Getting started

Before configuring an evaluation suite, the associated Logic function must be published. Note that Evaluations does not yet support Logic functions where the final output is Ontology edits.

  1. Begin by selecting the 🔨 icon on the right-side toolbar and select Set up tests.

Evaluations side panel in a AIP Logic function.

  1. Select Add evaluation function from the configuration panel on the left side of the evaluation suite.

A new evaluation suite.

  1. You can choose from a series of built-in or Marketplace deployed Functions. You also have the option of selecting a custom Evaluation function.

Evaluation function selection window.

Built-in Evaluation functions

Examples of built-in Evaluation functions include:

  • Exact string match: Checks if the actual string is exactly equal to the expected string.
  • Integer range: Checks if the actual value lies within the range of expected values. Only integers are supported.
  • Exact boolean match: Checks if the actual boolean is exactly equal to the expected boolean.
  • Exact object match: Checks if the actual object is exactly equal to the expected object.
  • Floating-point range: Checks if the actual value lies within the range of expected values. All numeric types are supported as parameters.
  • Temporal range: Checks if the actual value lies within the range of expected values. Only Date and Timestamp values are supported.

Marketplace deployed Functions

Selecting a Marketplace deployed Function will open a set-up wizard to guide you through the installation process. Below is an example of a Marketplace Function, with more to come:

  • Rubric grader: A general purpose LLM-backed evaluator for grading generated text based on a dynamic marking rubric.

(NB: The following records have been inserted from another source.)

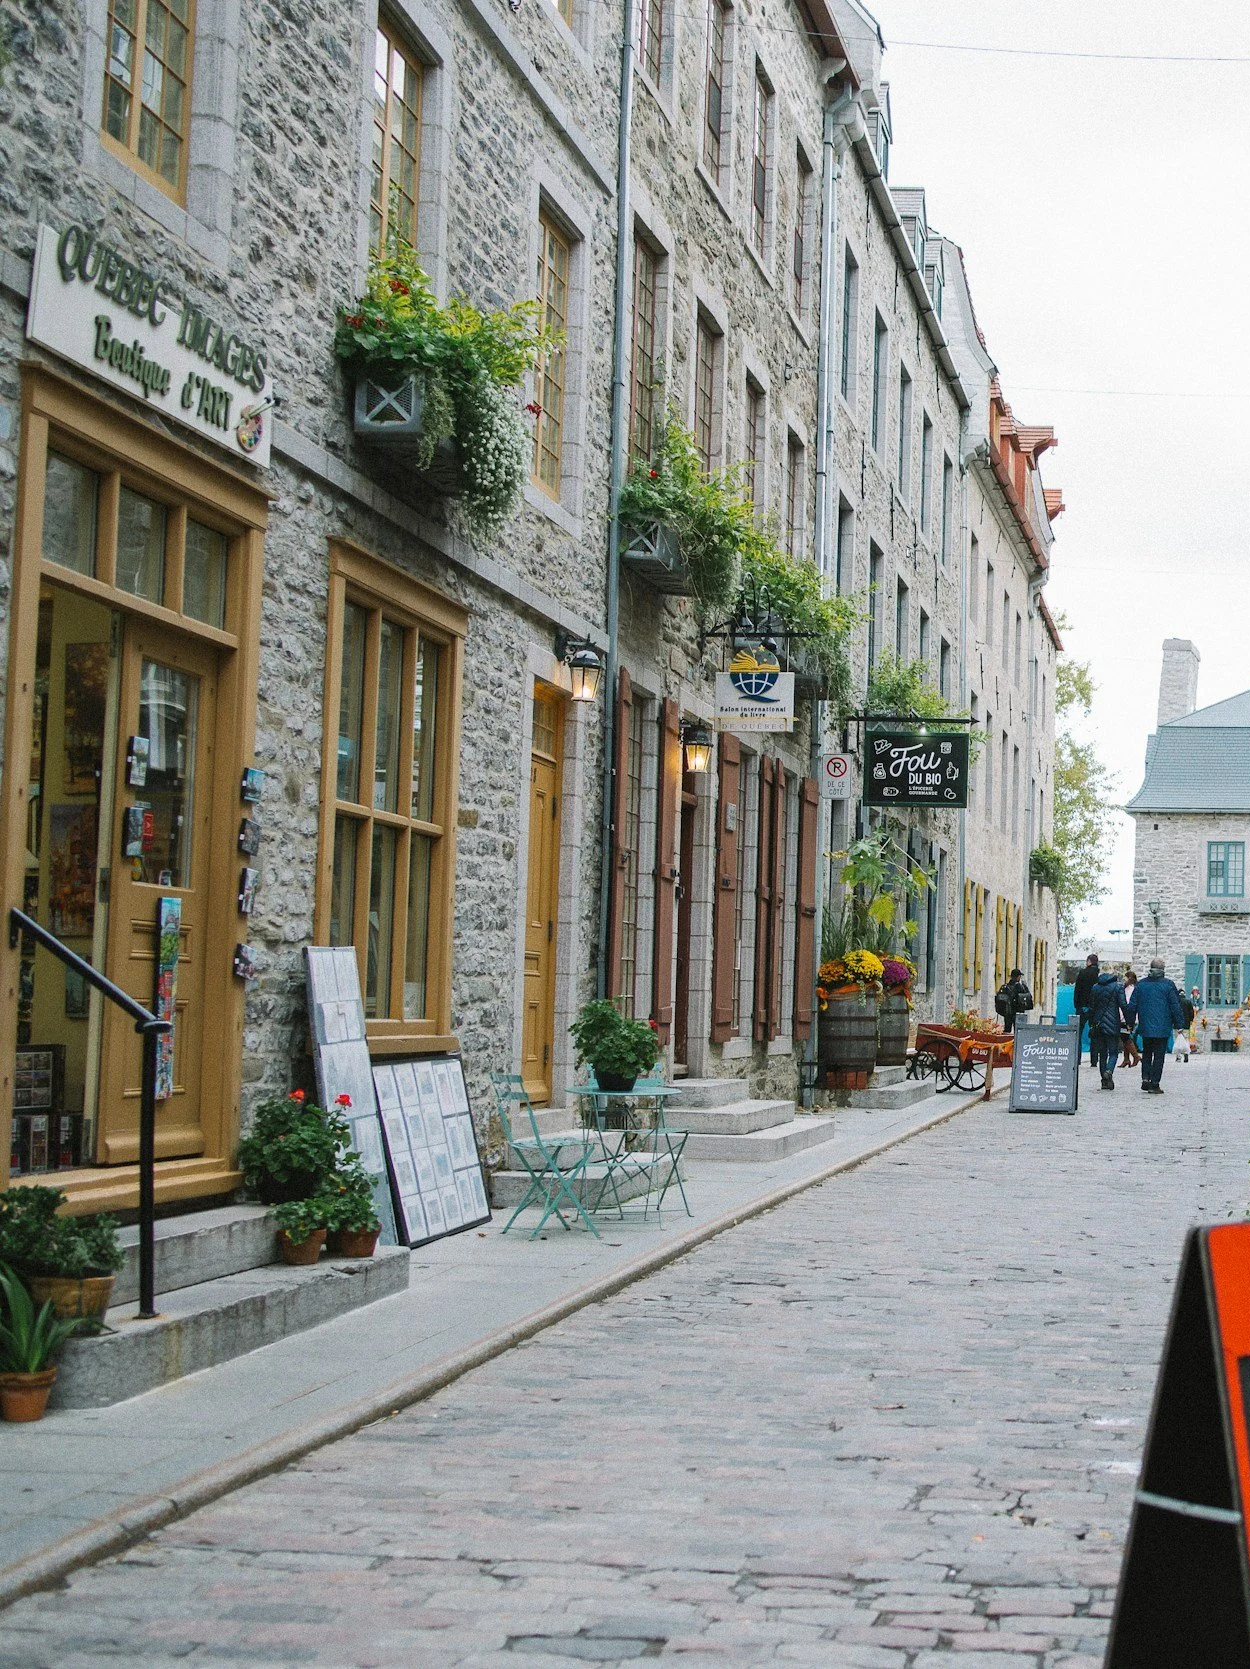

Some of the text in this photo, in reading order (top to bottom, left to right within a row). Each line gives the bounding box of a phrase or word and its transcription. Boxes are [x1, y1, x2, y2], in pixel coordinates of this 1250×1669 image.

[176, 296, 267, 393] IMAGES
[95, 315, 233, 431] Boutique d'ART
[889, 743, 941, 777] Fou
[827, 780, 835, 788] DE
[908, 773, 942, 785] DU BIO
[1022, 1043, 1046, 1058] Fou
[1058, 1048, 1069, 1056] BIO

Custom Evaluation functions

Custom Evaluation functions allow you to select previously published Functions. These can be Functions on Objects written in Code Repository or other AIP Logic functions. Currently, custom Evaluation functions must return either boolean or numeric types.

Configure the Evaluation function by selecting parameters for the actual Logic function output value and the expected output value. Depending on the Evaluation function, you may need to configure other parameters.

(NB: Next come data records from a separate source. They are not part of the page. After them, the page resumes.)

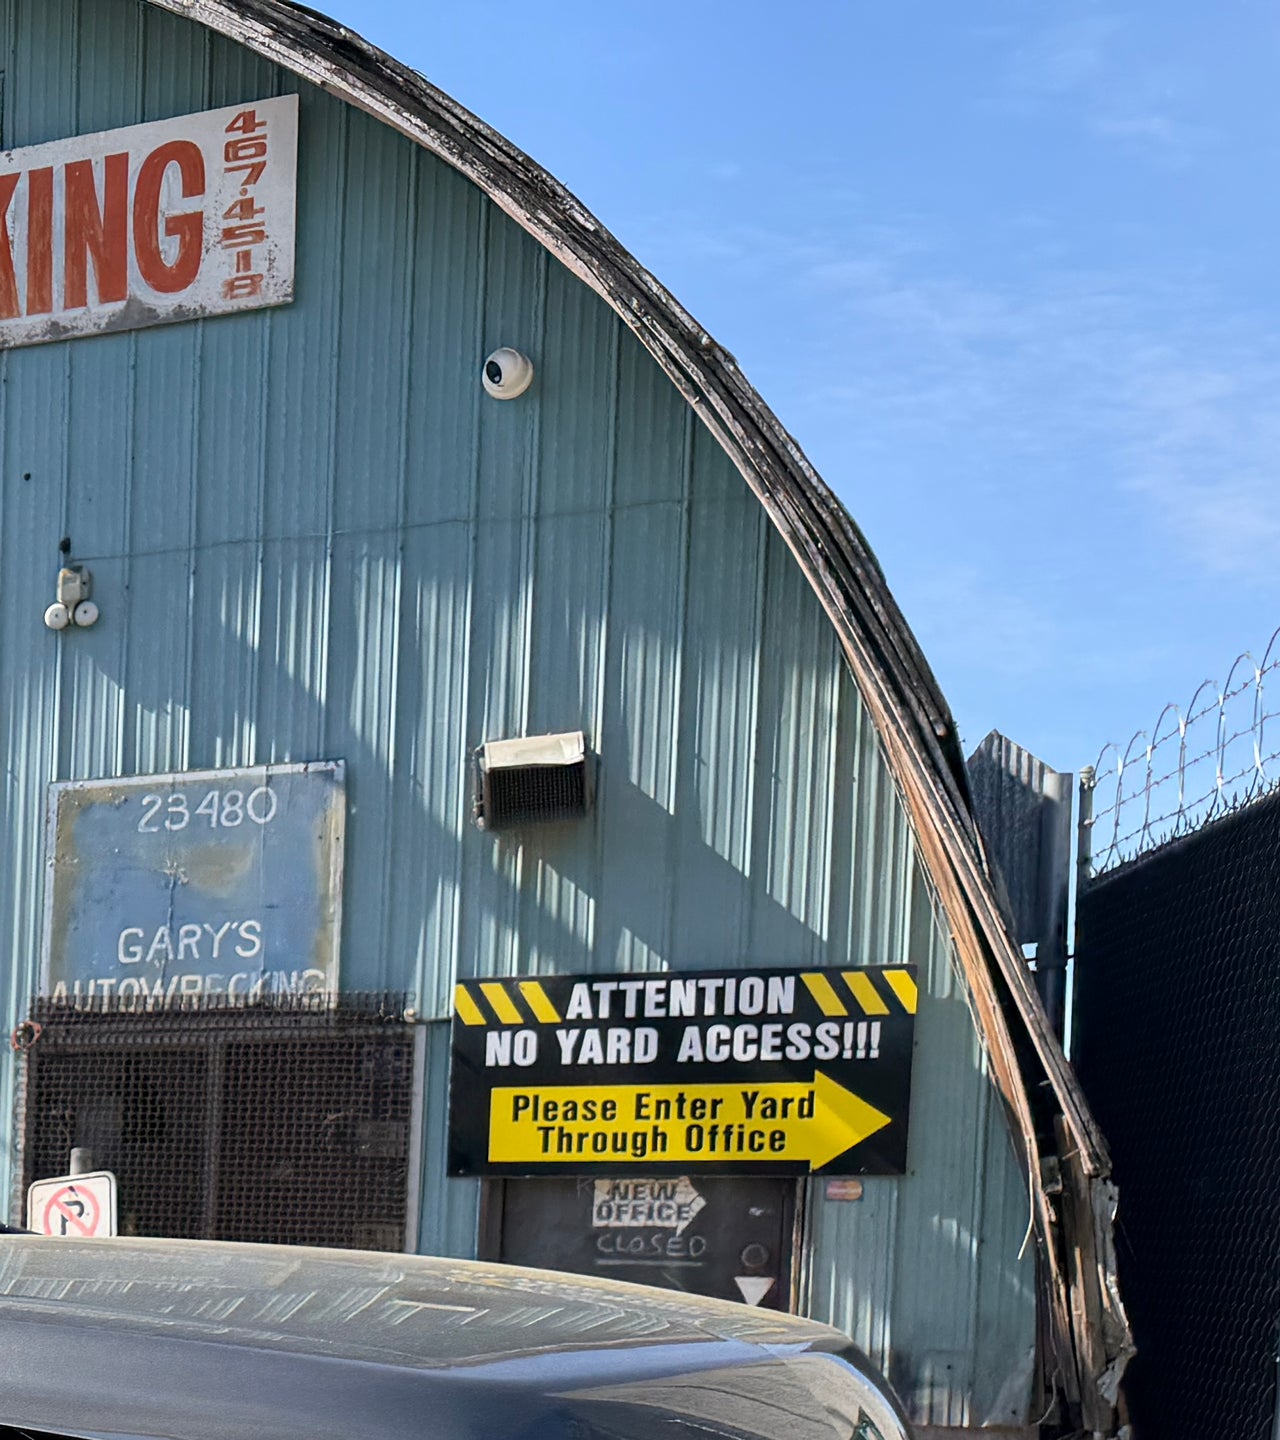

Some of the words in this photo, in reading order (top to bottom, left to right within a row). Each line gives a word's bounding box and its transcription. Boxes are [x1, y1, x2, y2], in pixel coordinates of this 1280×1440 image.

[138, 787, 278, 832] 23480
[118, 920, 261, 964] GARY'S
[566, 976, 795, 1020] ATTENTION
[485, 1030, 537, 1067] NO
[556, 1026, 658, 1064] YARD
[677, 1022, 881, 1062] ACCESS!!!
[512, 1094, 617, 1121] Please
[635, 1093, 723, 1120] Enter
[741, 1091, 815, 1119] Yard
[537, 1126, 668, 1157] Through
[686, 1124, 787, 1152] Office
[611, 1180, 679, 1200] NEW
[596, 1201, 691, 1221] OFFICE
[596, 1233, 706, 1257] CLOSED

The Produced metrics field allows you to name the metric displayed in the evaluations metrics dashboard. For example, instead of the default "isExactMatch", you may choose to rename the metric to something more semantically meaningful to your use case, like "classificationIsCorrect."

Evaluation function configuration panel with function parameters.

Write test cases by selecting Add test case. Give each test case a name and select the input(s) and their respective expected values. The actual output value is automatically included as part of the test case and does not need to be configured.

Test Case configuration screen.

After saving, you can run test cases in the evaluation suite and begin to collect metrics to view in the evaluations metrics dashboard. Additionally, you can run test cases directly in the main Logic page by select the 🔨 icon and selecting Run all tests.

Metrics in AIP Logic's Evaluation side panel.